* [ASSIGNED TASK] Pictures should be left out when the listing below is repeated word for word.

────────

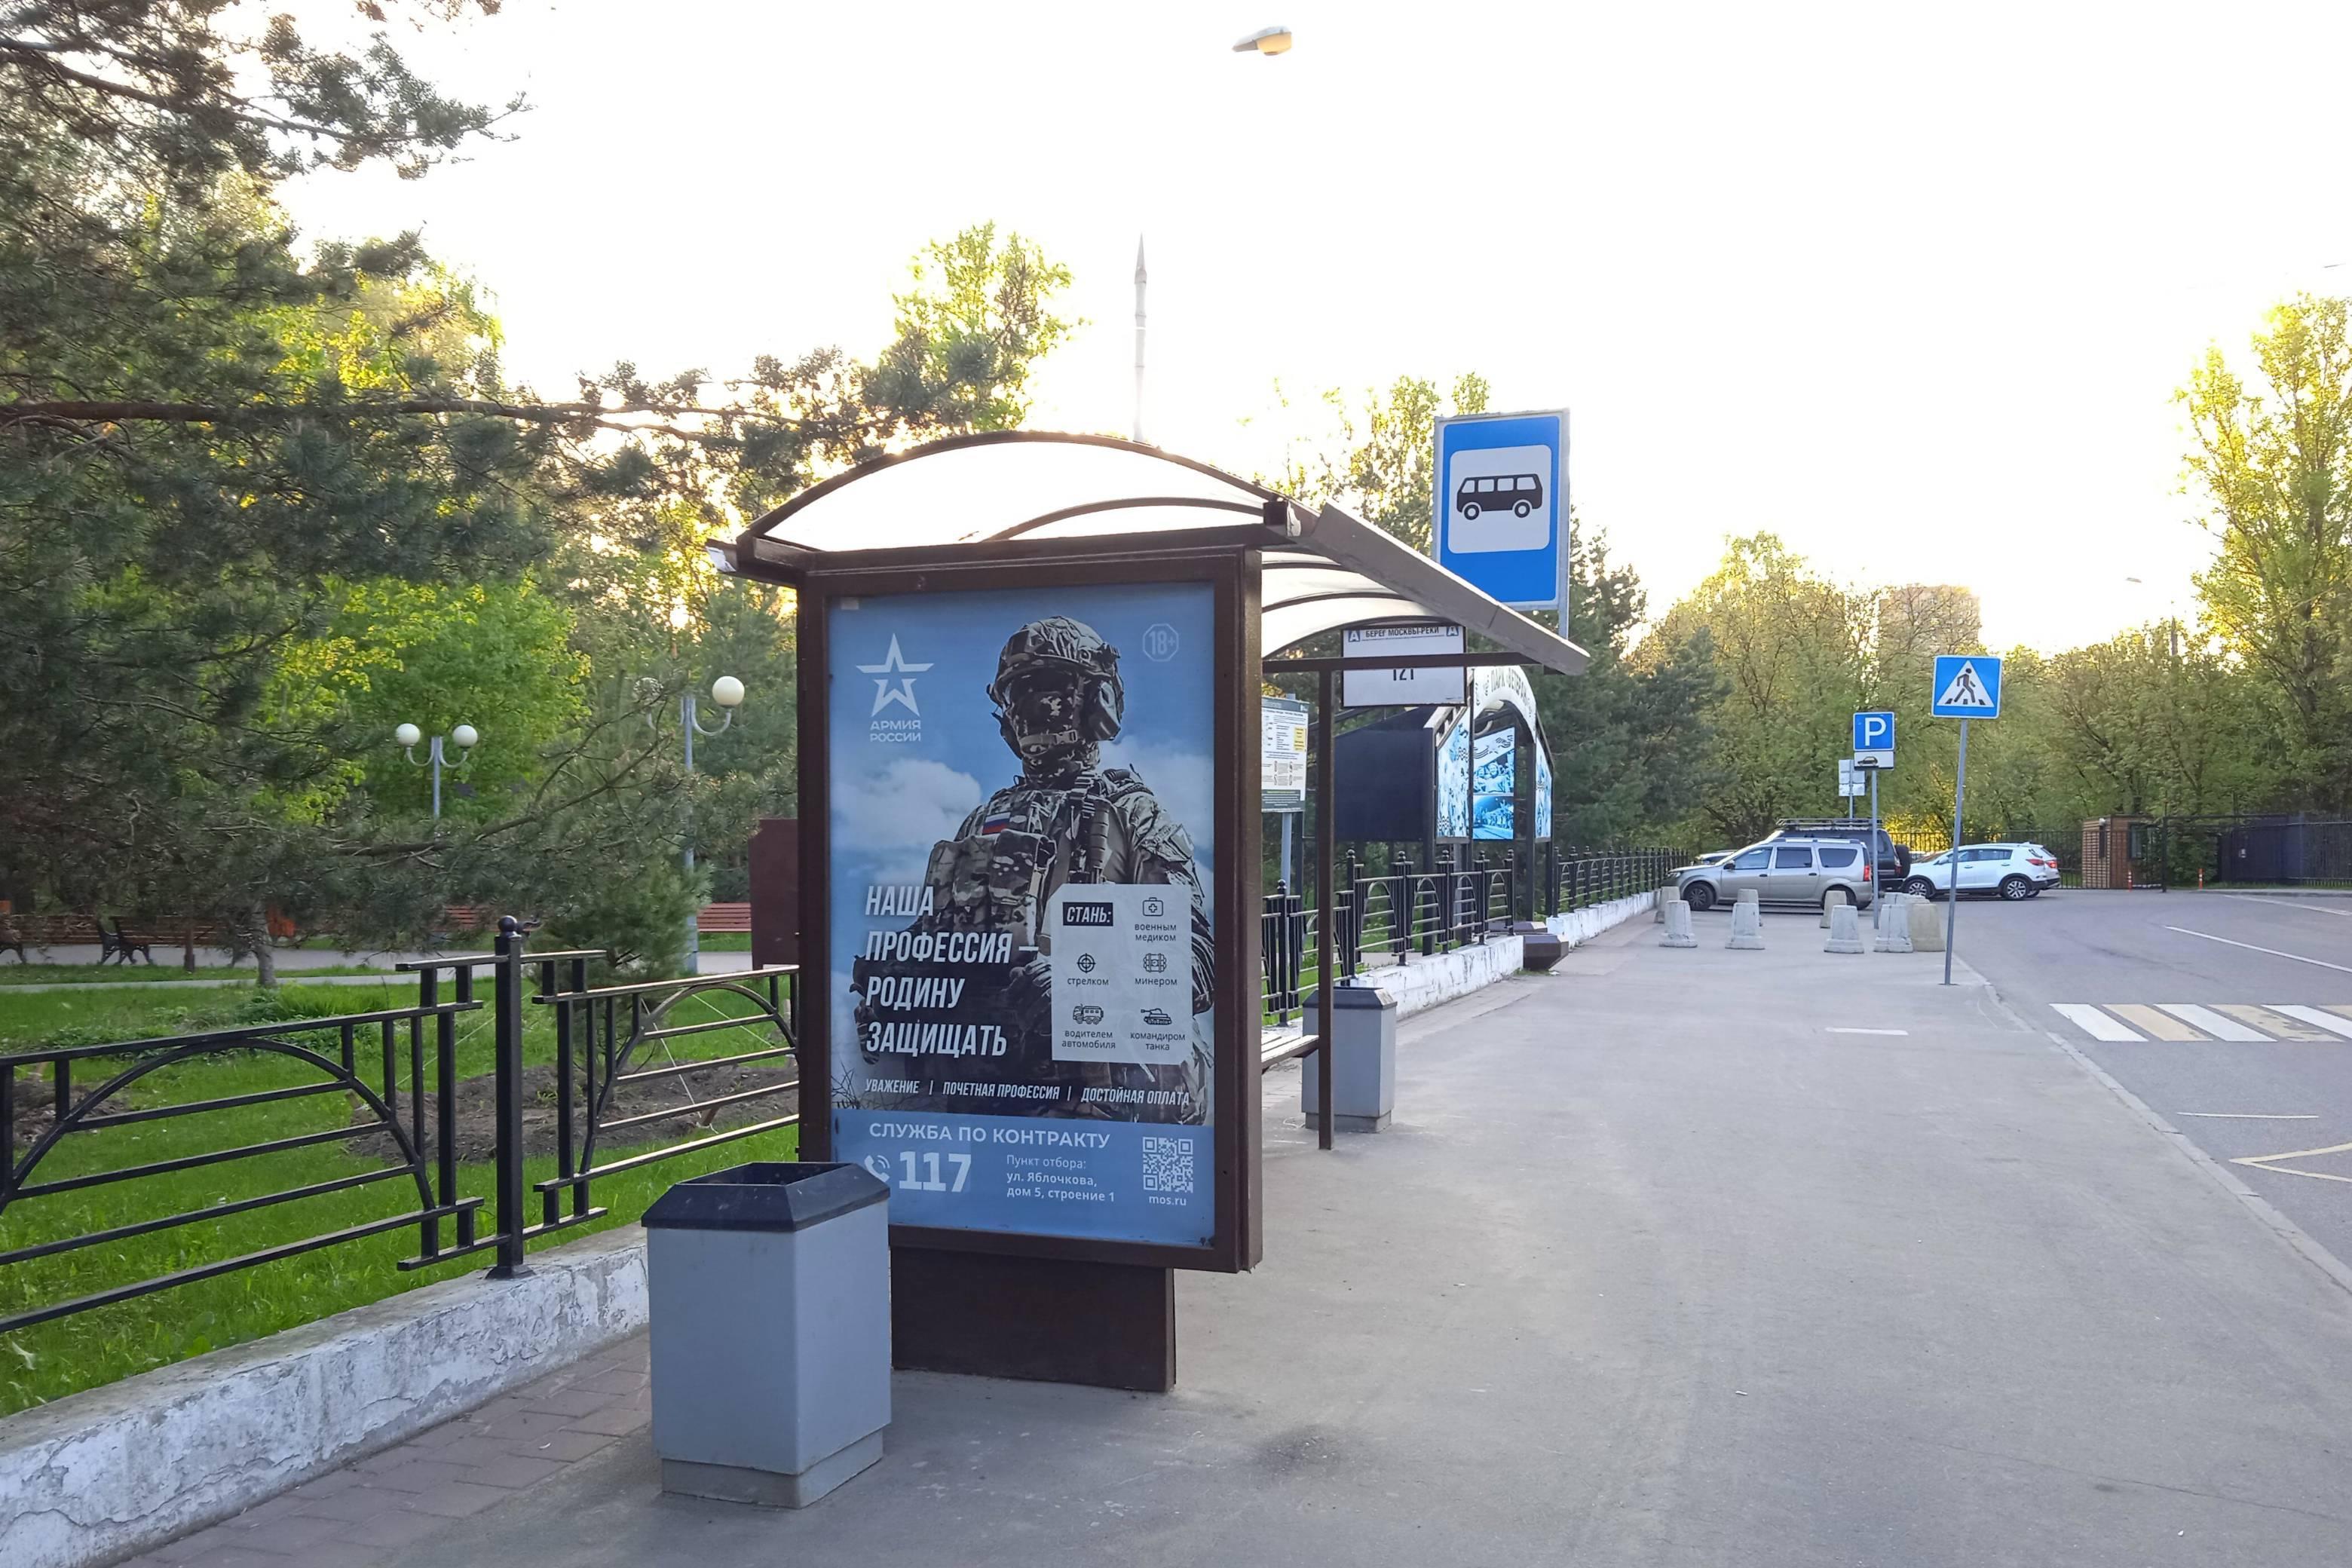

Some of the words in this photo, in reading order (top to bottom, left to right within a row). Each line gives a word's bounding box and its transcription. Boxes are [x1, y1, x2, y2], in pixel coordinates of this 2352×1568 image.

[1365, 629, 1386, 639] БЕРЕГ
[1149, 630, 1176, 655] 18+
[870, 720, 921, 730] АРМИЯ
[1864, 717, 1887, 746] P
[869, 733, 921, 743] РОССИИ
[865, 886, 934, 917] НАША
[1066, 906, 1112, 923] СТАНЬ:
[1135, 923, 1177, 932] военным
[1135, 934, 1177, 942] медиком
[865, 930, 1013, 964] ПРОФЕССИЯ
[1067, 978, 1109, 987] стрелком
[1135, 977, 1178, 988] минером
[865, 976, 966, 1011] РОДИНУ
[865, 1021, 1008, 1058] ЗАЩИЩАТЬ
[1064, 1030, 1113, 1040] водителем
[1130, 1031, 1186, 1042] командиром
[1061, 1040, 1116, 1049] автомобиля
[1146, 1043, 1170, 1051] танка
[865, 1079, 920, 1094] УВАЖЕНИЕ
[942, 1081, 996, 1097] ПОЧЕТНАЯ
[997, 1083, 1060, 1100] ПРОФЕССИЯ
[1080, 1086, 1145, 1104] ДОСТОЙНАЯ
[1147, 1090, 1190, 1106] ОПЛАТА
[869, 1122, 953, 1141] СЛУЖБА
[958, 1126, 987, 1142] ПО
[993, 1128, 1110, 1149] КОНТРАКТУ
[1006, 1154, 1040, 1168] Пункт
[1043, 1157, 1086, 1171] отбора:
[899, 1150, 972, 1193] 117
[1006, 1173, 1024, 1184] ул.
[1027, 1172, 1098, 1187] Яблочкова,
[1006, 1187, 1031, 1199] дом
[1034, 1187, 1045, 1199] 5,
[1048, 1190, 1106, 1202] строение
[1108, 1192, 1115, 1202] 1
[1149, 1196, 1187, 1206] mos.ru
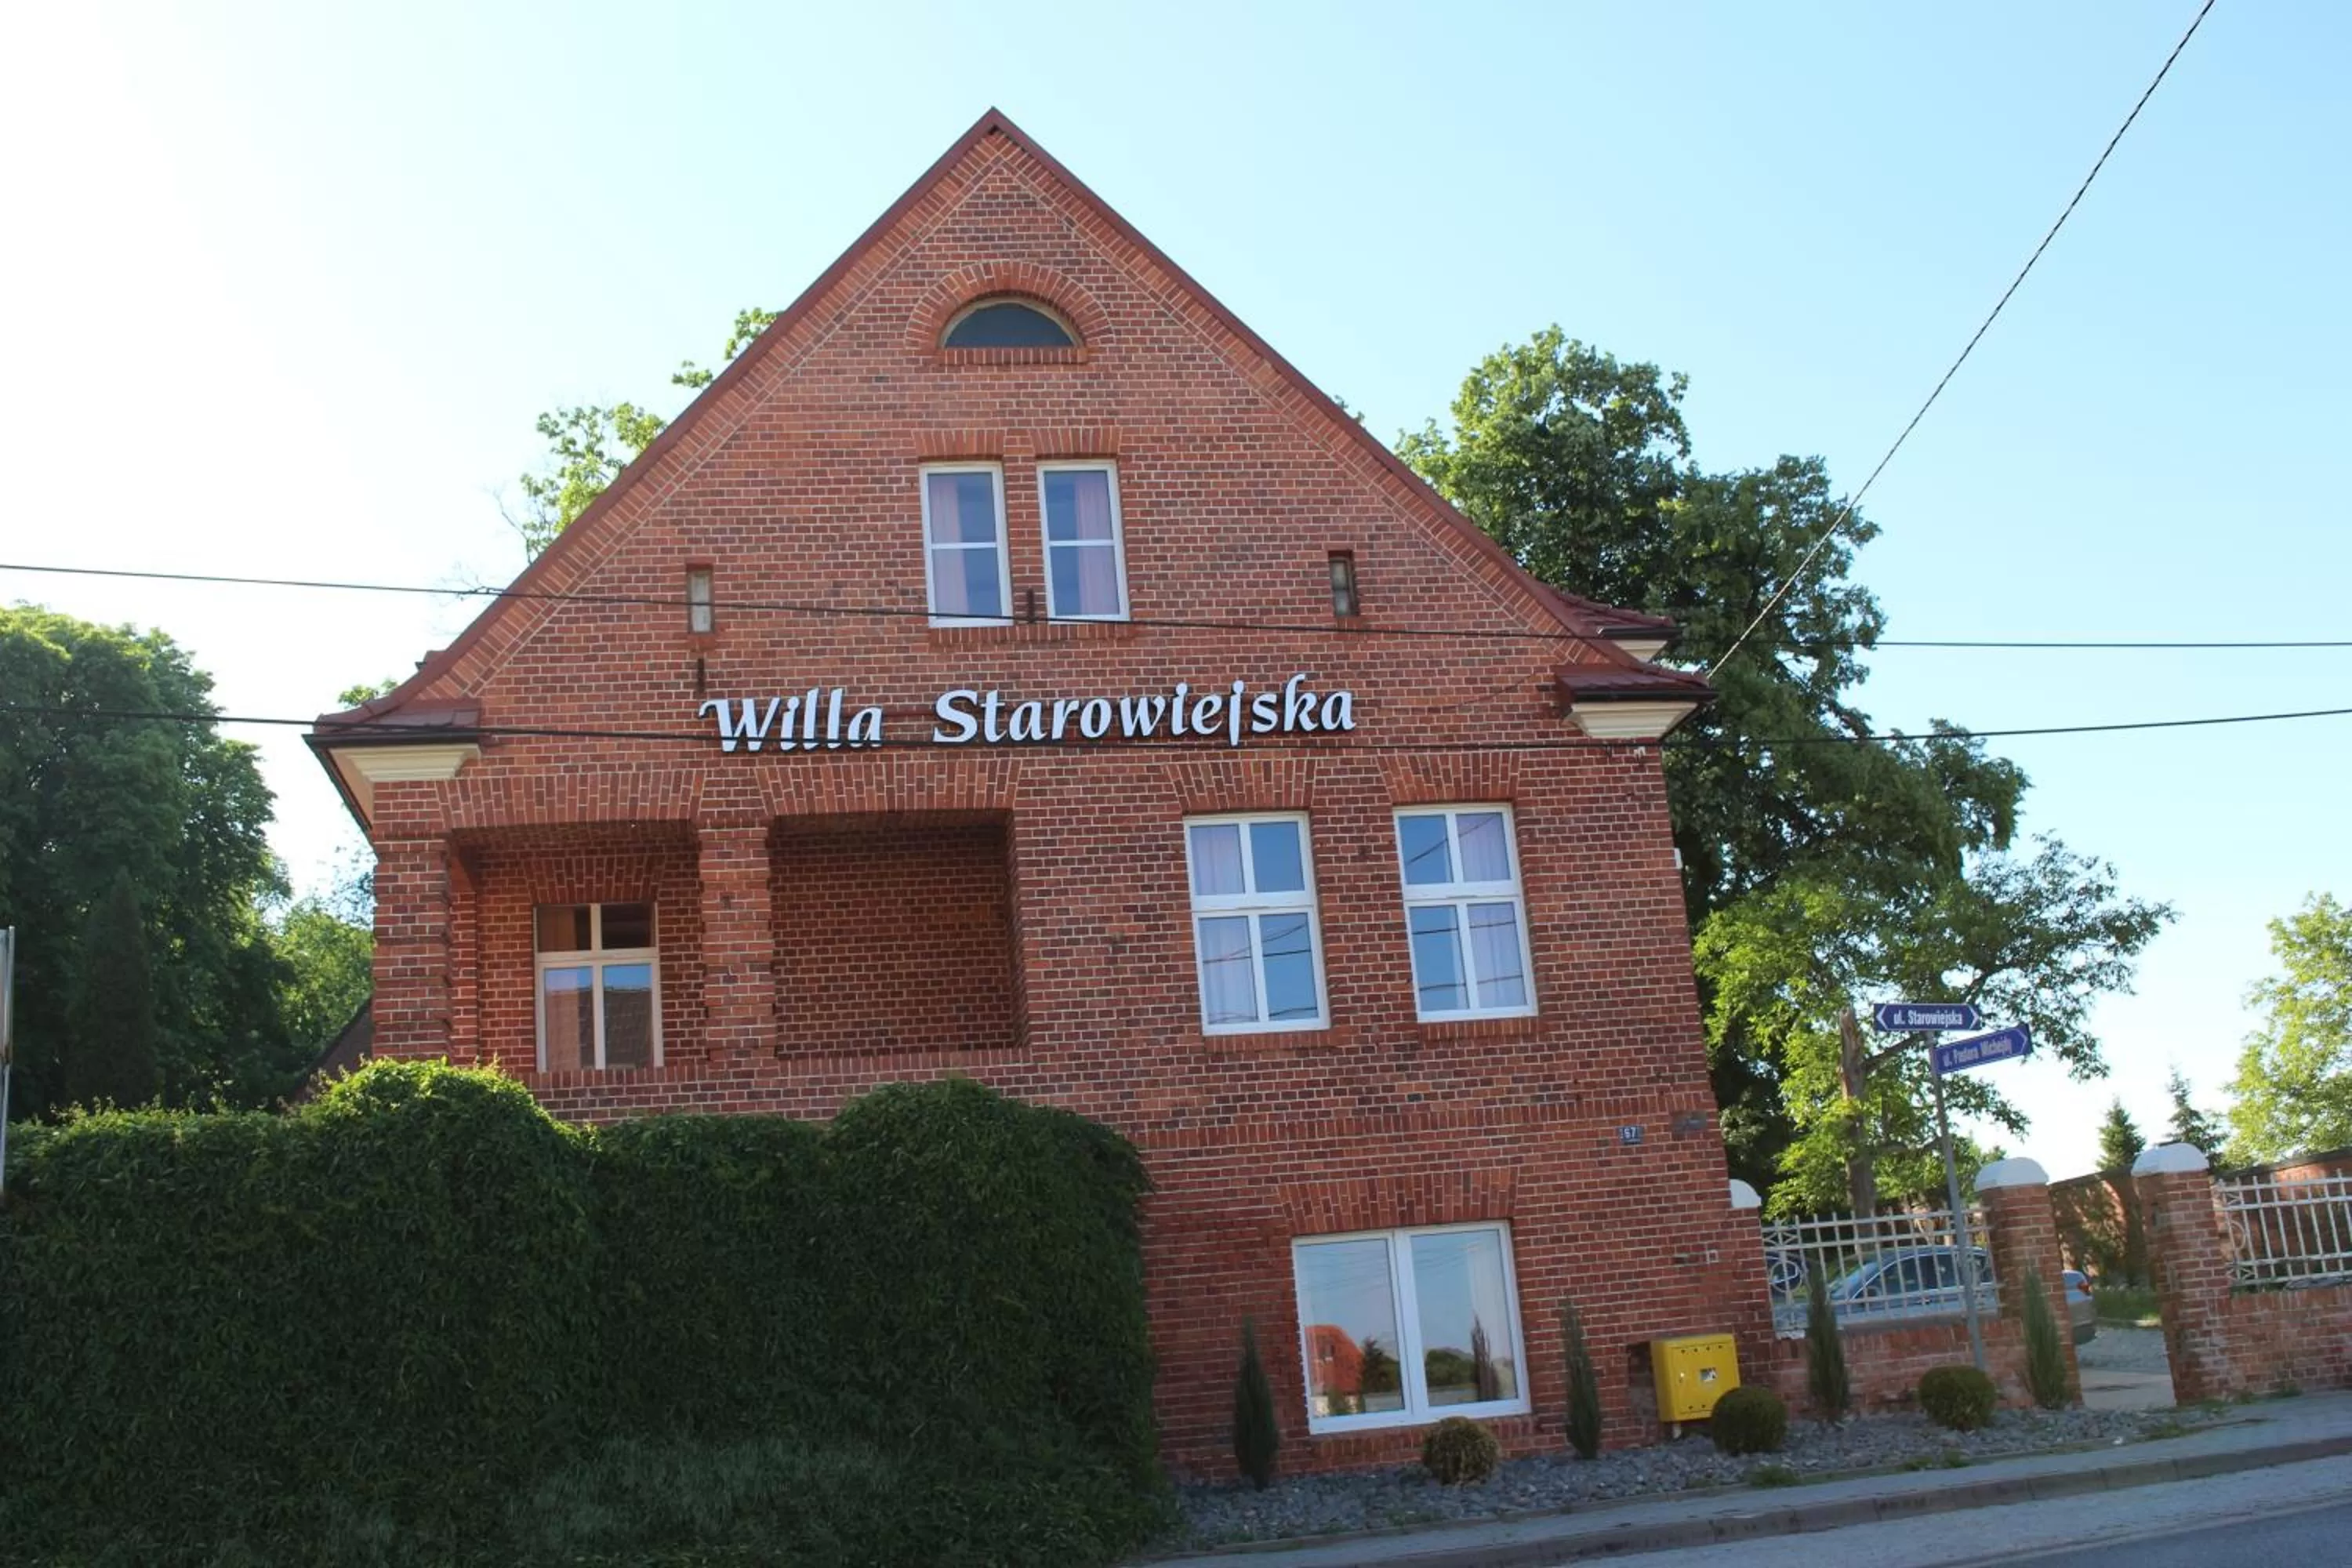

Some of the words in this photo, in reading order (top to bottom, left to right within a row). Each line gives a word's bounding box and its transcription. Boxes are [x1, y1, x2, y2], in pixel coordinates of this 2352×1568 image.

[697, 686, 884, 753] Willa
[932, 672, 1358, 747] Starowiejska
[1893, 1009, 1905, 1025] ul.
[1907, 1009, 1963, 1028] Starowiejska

────────

* [RESPONSE TO THE EXERCISE]
Some of the words in this photo, in reading order (top to bottom, left to right within a row). Each line gives a word's bounding box and its transcription. Boxes are [x1, y1, x2, y2], in pixel coordinates of this 2352×1568 image.

[1365, 629, 1386, 639] БЕРЕГ
[1149, 630, 1176, 655] 18+
[870, 720, 921, 730] АРМИЯ
[1864, 717, 1887, 746] P
[869, 733, 921, 743] РОССИИ
[865, 886, 934, 917] НАША
[1066, 906, 1112, 923] СТАНЬ:
[1135, 923, 1177, 932] военным
[1135, 934, 1177, 942] медиком
[865, 930, 1013, 964] ПРОФЕССИЯ
[1067, 978, 1109, 987] стрелком
[1135, 977, 1178, 988] минером
[865, 976, 966, 1011] РОДИНУ
[865, 1021, 1008, 1058] ЗАЩИЩАТЬ
[1064, 1030, 1113, 1040] водителем
[1130, 1031, 1186, 1042] командиром
[1061, 1040, 1116, 1049] автомобиля
[1146, 1043, 1170, 1051] танка
[865, 1079, 920, 1094] УВАЖЕНИЕ
[942, 1081, 996, 1097] ПОЧЕТНАЯ
[997, 1083, 1060, 1100] ПРОФЕССИЯ
[1080, 1086, 1145, 1104] ДОСТОЙНАЯ
[1147, 1090, 1190, 1106] ОПЛАТА
[869, 1122, 953, 1141] СЛУЖБА
[958, 1126, 987, 1142] ПО
[993, 1128, 1110, 1149] КОНТРАКТУ
[1006, 1154, 1040, 1168] Пункт
[1043, 1157, 1086, 1171] отбора:
[899, 1150, 972, 1193] 117
[1006, 1173, 1024, 1184] ул.
[1027, 1172, 1098, 1187] Яблочкова,
[1006, 1187, 1031, 1199] дом
[1034, 1187, 1045, 1199] 5,
[1048, 1190, 1106, 1202] строение
[1108, 1192, 1115, 1202] 1
[1149, 1196, 1187, 1206] mos.ru

Some of the words in this photo, in reading order (top to bottom, left to right within a row). Each line gives a word's bounding box and its transcription. Boxes are [x1, y1, x2, y2], in pixel coordinates of this 2352×1568 image.

[697, 686, 884, 753] Willa
[932, 672, 1358, 747] Starowiejska
[1893, 1009, 1905, 1025] ul.
[1907, 1009, 1963, 1028] Starowiejska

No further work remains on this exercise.